ENTRIES PROVIDED:
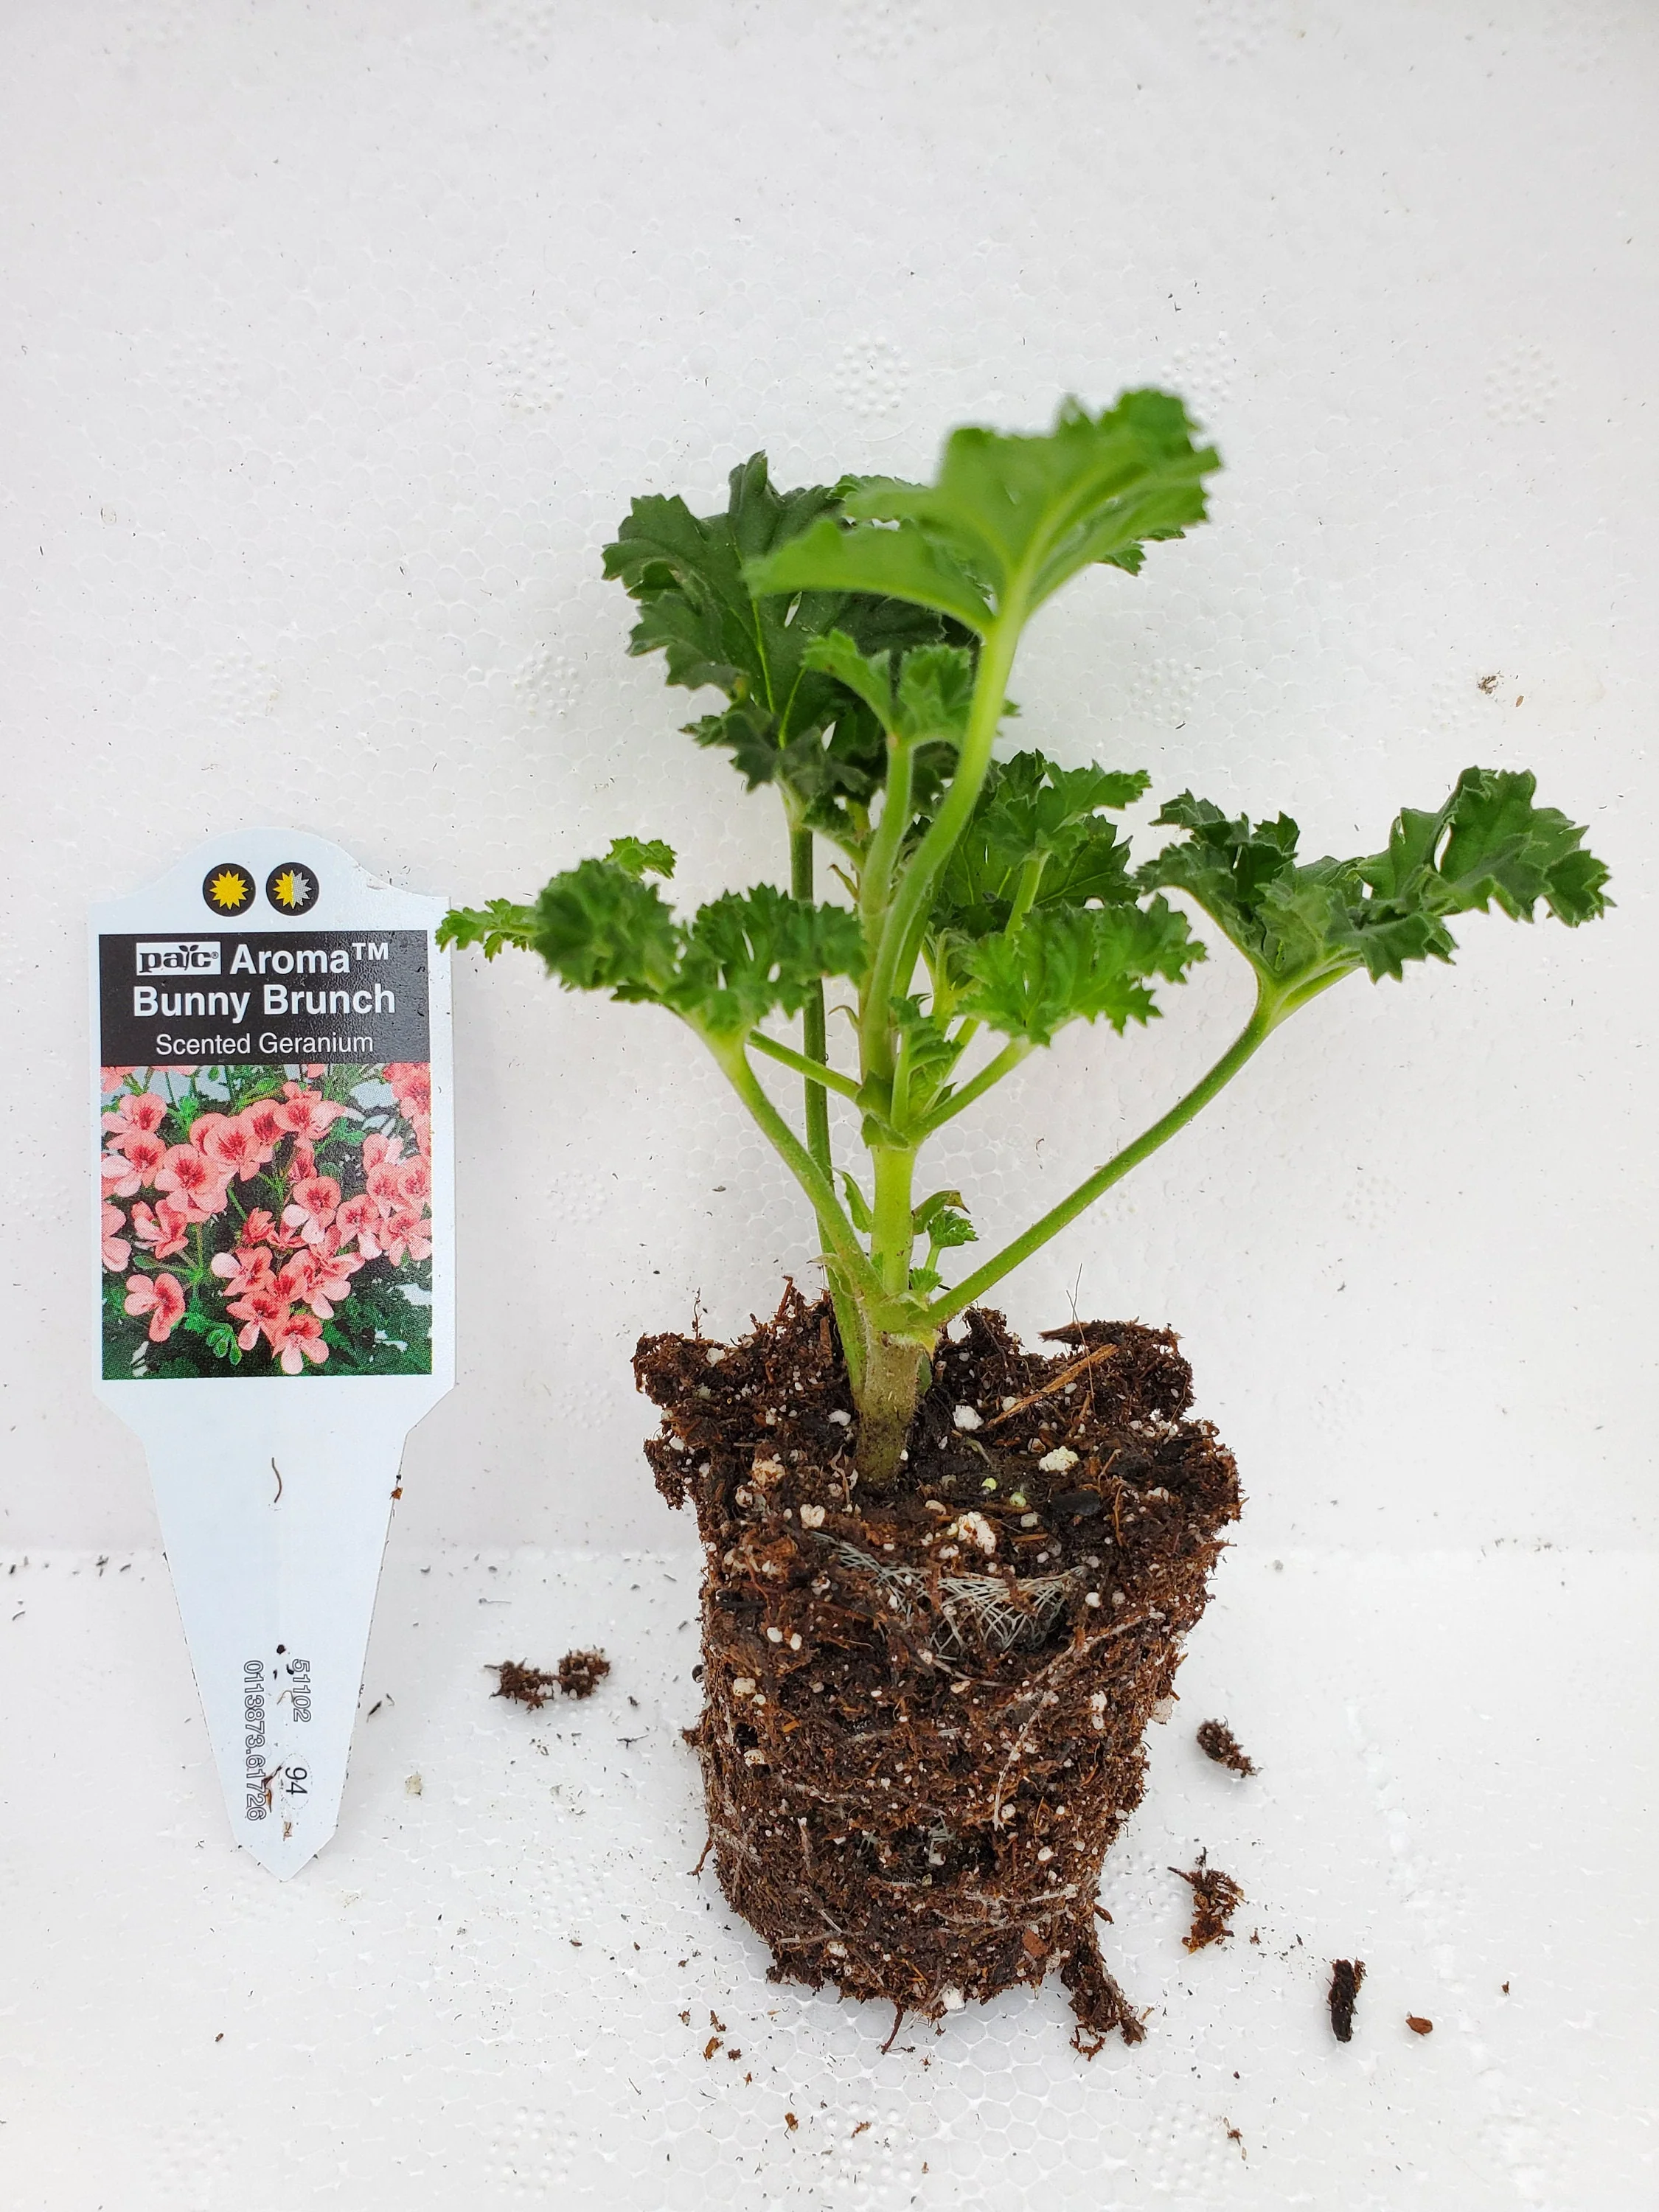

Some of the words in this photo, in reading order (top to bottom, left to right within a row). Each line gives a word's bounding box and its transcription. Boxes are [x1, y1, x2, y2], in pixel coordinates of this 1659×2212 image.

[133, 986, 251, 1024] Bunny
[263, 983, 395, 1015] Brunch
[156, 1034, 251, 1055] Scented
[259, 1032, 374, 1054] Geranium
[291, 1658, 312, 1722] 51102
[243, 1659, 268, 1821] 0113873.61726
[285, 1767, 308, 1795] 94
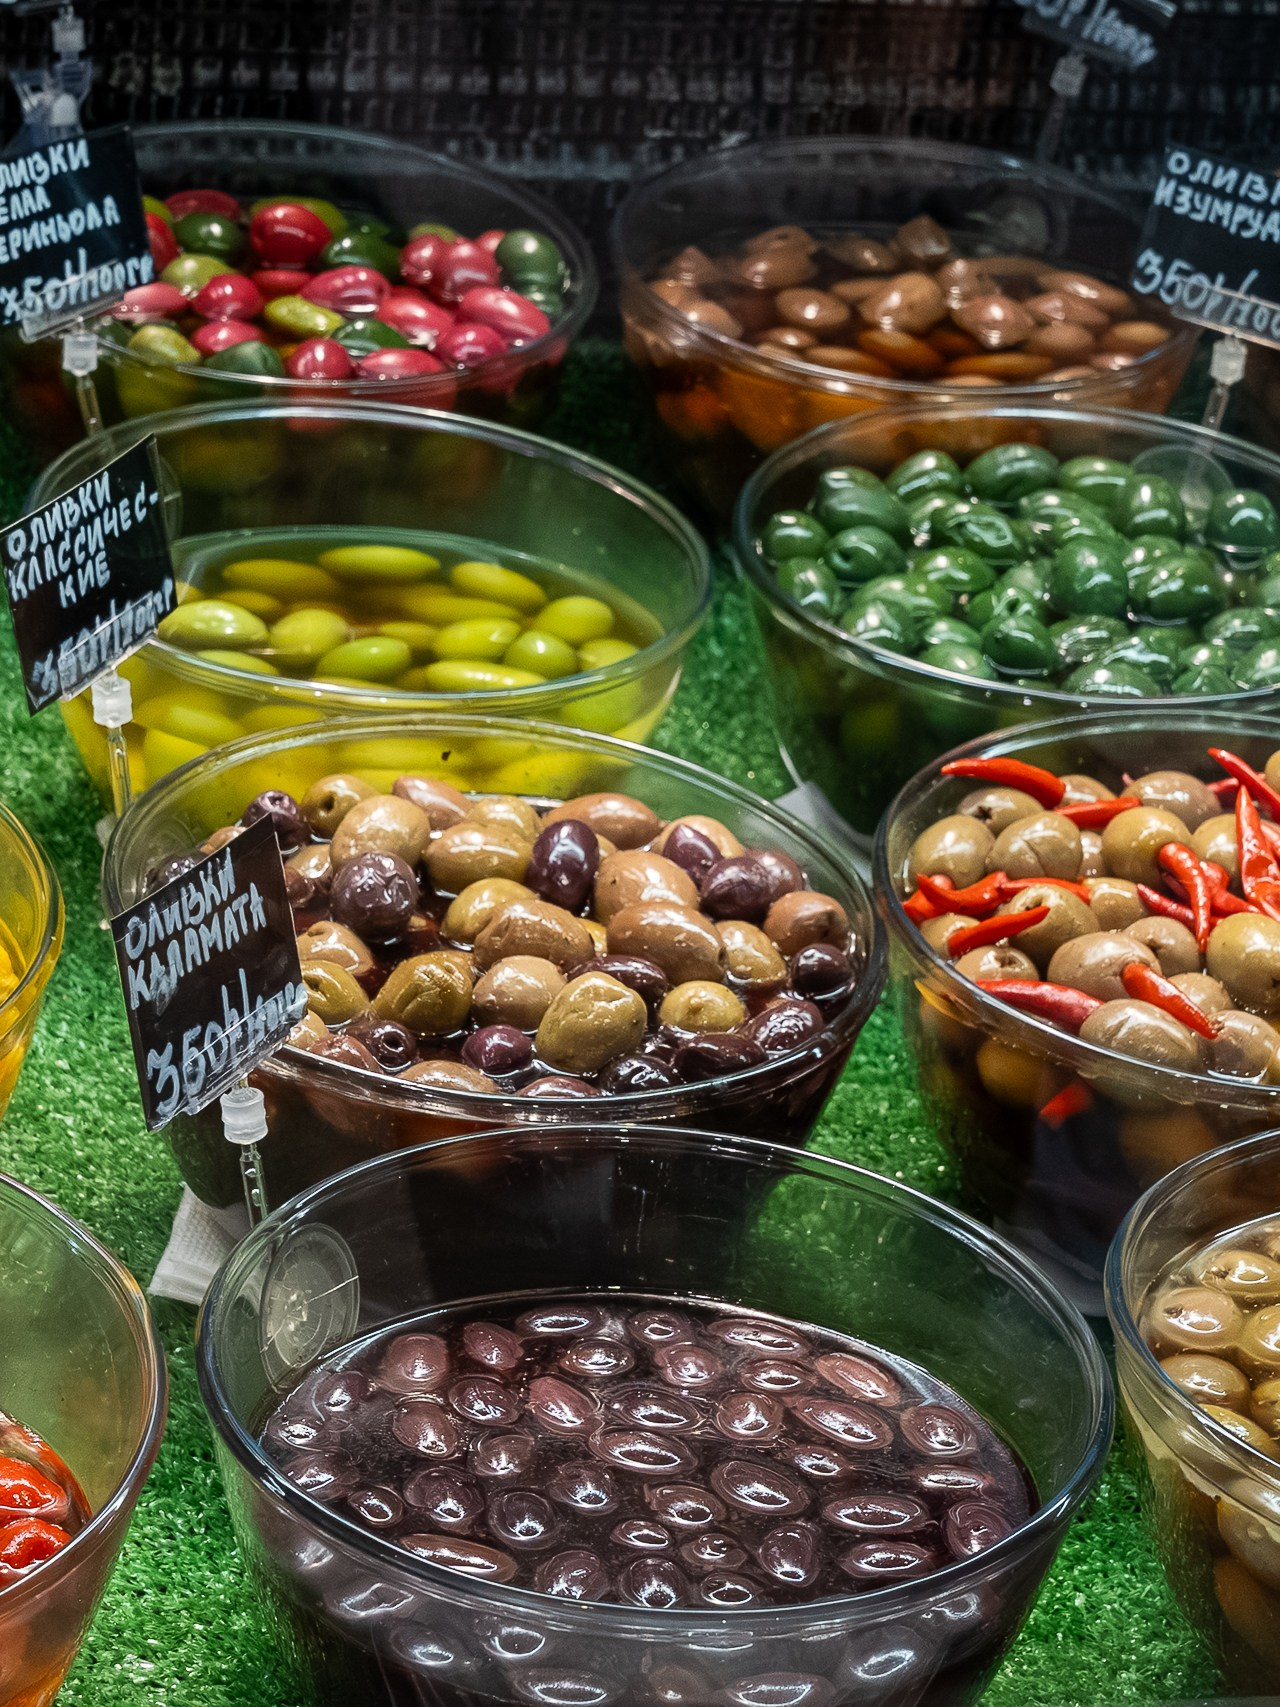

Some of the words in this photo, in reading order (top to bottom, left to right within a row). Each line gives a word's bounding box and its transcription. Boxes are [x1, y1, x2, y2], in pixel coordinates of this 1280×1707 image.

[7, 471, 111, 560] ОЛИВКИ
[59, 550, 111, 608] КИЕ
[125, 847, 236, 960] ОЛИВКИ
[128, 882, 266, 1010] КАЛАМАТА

TASK OBJECTIVE: Please copy out the whole listing exactly, minus its pictures.

WRITTEN ANSWER:
Some of the words in this photo, in reading order (top to bottom, left to right within a row). Each line gives a word's bounding box and its transcription. Boxes are [x1, y1, x2, y2], in pixel coordinates of this 1659×2212 image.

[133, 986, 251, 1024] Bunny
[263, 983, 395, 1015] Brunch
[156, 1034, 251, 1055] Scented
[259, 1032, 374, 1054] Geranium
[291, 1658, 312, 1722] 51102
[243, 1659, 268, 1821] 0113873.61726
[285, 1767, 308, 1795] 94

Some of the words in this photo, in reading order (top to bottom, left to right within a row). Each line gives a word's bounding box and its transcription. Boxes are [x1, y1, x2, y2], in pixel coordinates of this 1280×1707 image.

[7, 471, 111, 560] ОЛИВКИ
[59, 550, 111, 608] КИЕ
[125, 847, 236, 960] ОЛИВКИ
[128, 882, 266, 1010] КАЛАМАТА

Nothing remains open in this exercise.